Long before the Friends of Heene Cemetery had a website to display their species ‘lists’ there were historic records. Not many in total, but they consisted of a citation from 1992 with a list of about 20 plants and birds, and by 2020 simple spreadsheets embraced some 300 species.
When the specification for the group’s first website was drawn up in 2019, it was decided to list the Cemetery’s species pictorially. A page for each species with text and images was the aim, but key was to use photographs taken in the Cemetery, not from stock libraries. This became both challenge and opportunity: challenge to find everything on the list and subsequently to identify anything we photographed that was not on the list, and opportunity to build a narrative around constantly climbing species numbers in this small, town-centre Sussex Local Wildlife Site.
Knepp just north of Worthing has reputation and heft. It is justifiably celebrated for the work done there that has turbocharged its biodiversity. Scores of subject specialists are on site surveying their species. How else could one uncover, for example, 1,800 invertebrate or 589 beetle species? Heene Cemetery’s much more modest approach has had to be very different.
Lacking repeat visits by scientists set on bio-blitzing with nets and ‘pooters’ that pull creatures off plants and into collecting chambers, at Heene camera is king. Instead of experts with microscopes, we have amateurs with cameras — and a shelf of field guides. When we can’t identify what we’re looking at, we reach out to subject specialists who might.
Since those early days, a network of over 20 specialists has been established. Each has their own often narrow field of expertise (bees, wasps, mosses, fungi, butterflies, moths, plants, spiders, slugs and snails, even leafhoppers). Many are county recorders co-ordinated by the Sussex Biodiversity Record Centre near Henfield. All share their time freely and generously. What they can’t do is guarantee to always identify something from a photograph!

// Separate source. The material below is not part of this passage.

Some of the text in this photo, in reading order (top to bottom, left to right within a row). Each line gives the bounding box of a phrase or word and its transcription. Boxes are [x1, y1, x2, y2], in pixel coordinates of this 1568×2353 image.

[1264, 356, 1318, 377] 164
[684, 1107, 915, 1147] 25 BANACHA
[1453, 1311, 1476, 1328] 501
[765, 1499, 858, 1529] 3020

Occasionally we are encouraged to capture an insect and fridge-chill it overnight before mailing it for microscopic examination. That would no doubt yield an ID. Yet more than a secure and validated species ID, we want no killing. Instead, there should be a high quality photograph in situ that reveals the creature as it is: wild, uncaptured, feeding, pollinating, and even mating, on one of its preferred plants— alive and 100% natural. We’ve always wanted to record and show these in their world, not in ours.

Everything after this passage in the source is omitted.